Image by Romrodphoto. Gear: Canon 5D Mark III camera, Canon 85mm 1.2 lens. Settings: Exposure 1/500 sec; f2.5; ISO 100.
I think that the most important thing in family photo sessions is to make sure that everyone is interested in what are they doing. The best way to do this is to make it a game. That way, the children feel like themselves, and all the pressure goes away. When the children are having fun, the parents will naturally feel more comfortable too.
For Easter, you can bring in unusual props like bunny ears to make the children more excited about the process. Additionally, encourage them to paint and create things of their own. That helps keep everything feeling natural, and all I need to do as the photographer is press the button.
Image by Romrodphoto
In terms of selecting models, I started with people I actually knew, like my own family members or good friends and their children.

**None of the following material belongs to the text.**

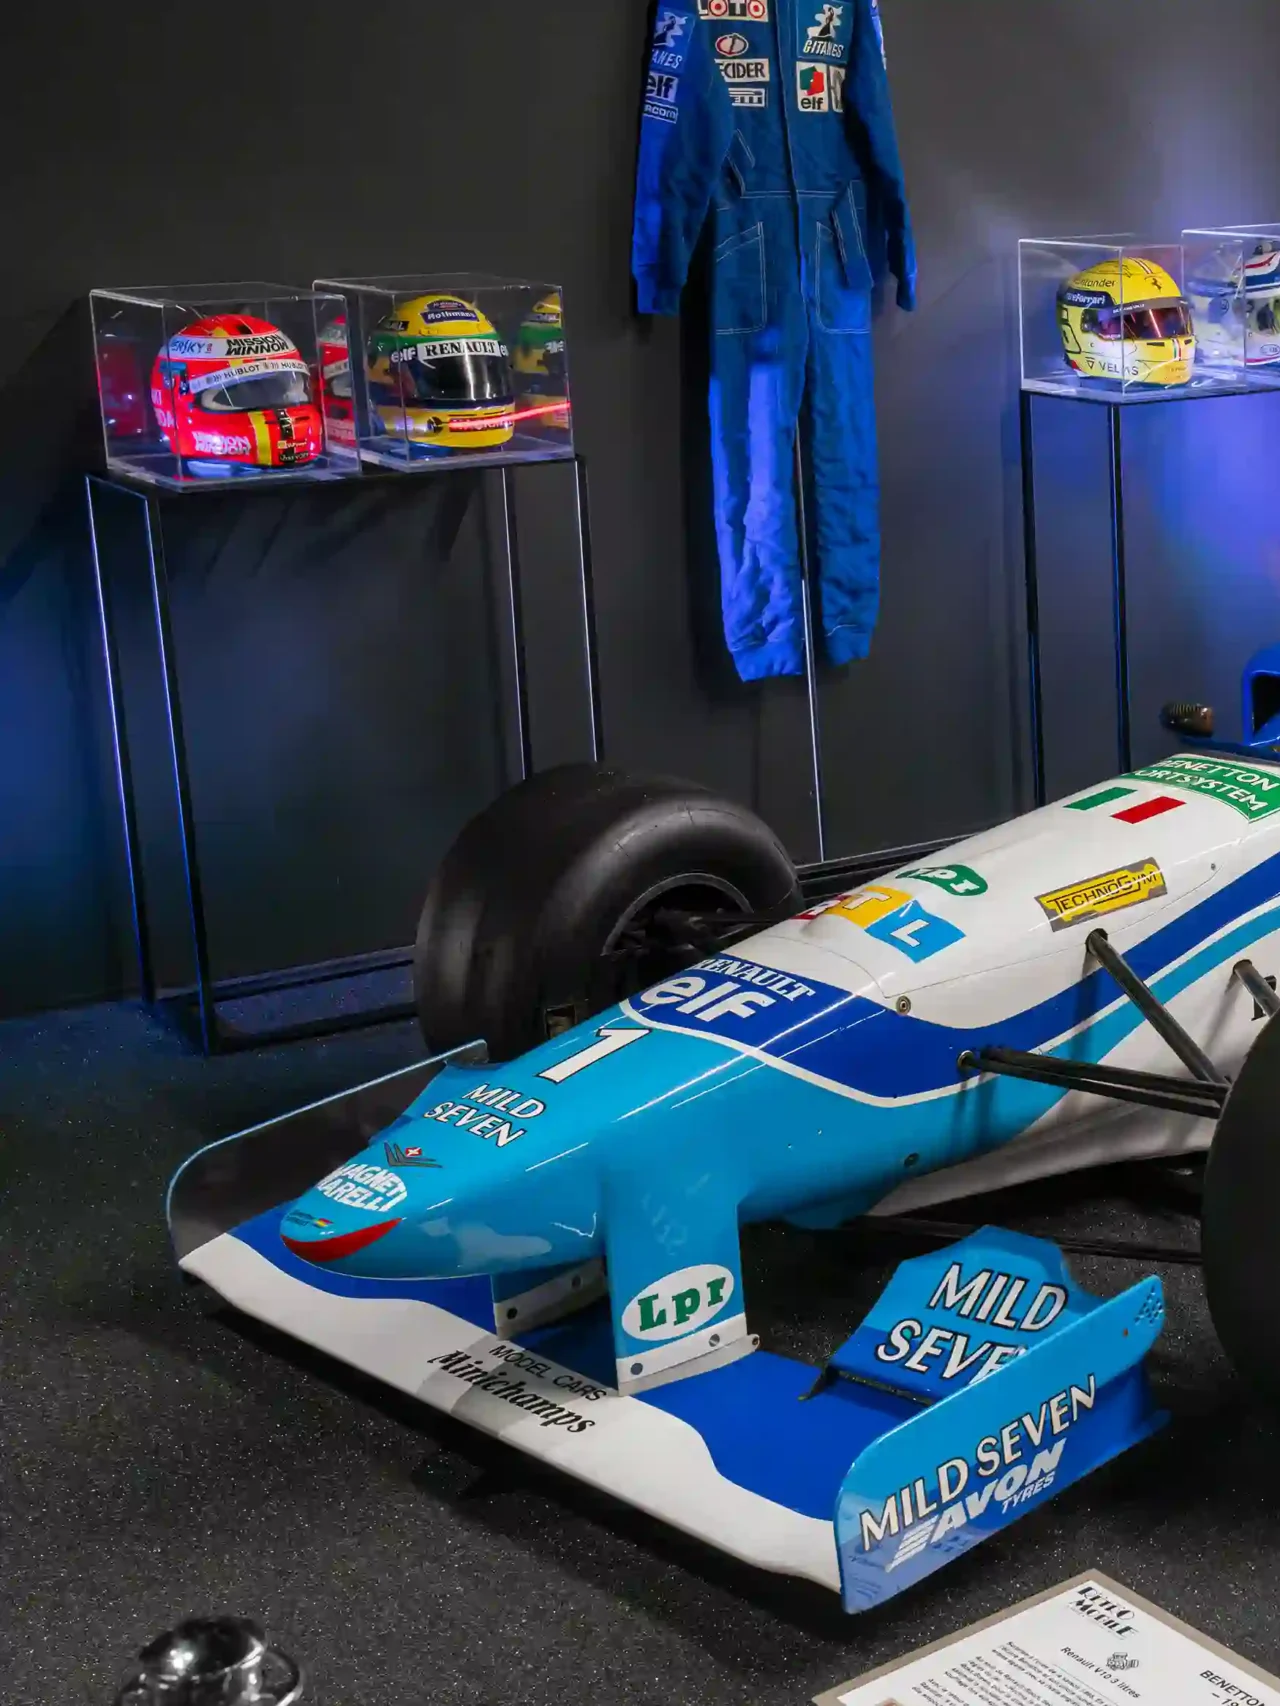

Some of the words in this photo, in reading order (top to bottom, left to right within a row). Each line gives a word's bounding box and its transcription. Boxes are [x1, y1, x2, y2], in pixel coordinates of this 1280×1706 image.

For them, it was a new experience, and for me, it was good practice. When you work with people you know, you naturally have more freedom and feel more like yourself. And just a few years later, I was comfortable enough to invite other people for photo sessions without being afraid of failing.
3. “I find the images that sell best are the ones that I don’t specifically set out to make for stock photography.”
Image by Kelly Marleau. Gear: Fuji X100t, fixed 23mm (this is a crop camera so it’s a 35mm equivalent). Settings: Exposure 1/100 sec; f2.0; ISO 1600.
I find the images that sell best are the ones that I don’t specifically set out to make for stock photography. They are the ones of my real-life moments that I’d be documenting for my own family anyhow. They have genuine emotion and generally depict some sort of special relationship—between a child and parent or siblings—or they have the person focused on an activity.
I have done a few specific stock image focused shoots, and, to keep it feeling natural, I shoot in the model’s home. And, although I have them do certain tasks while I document it, I make sure those tasks are still something they’d do in their everyday life. Giving your model something to occupy their hands can be helpful in getting natural photos—holding a coffee cup, reading a book to a child, kids tickling each other, jumping on the bed, cooking a meal.
That being said, the photos that sell the best are the ones that have nice, even, natural light—and lots of it! So the images I submit to my stock portfolio tend to be ones that I’ve taken either outside on overcast days or indoors very close to a window so that my ISO is low.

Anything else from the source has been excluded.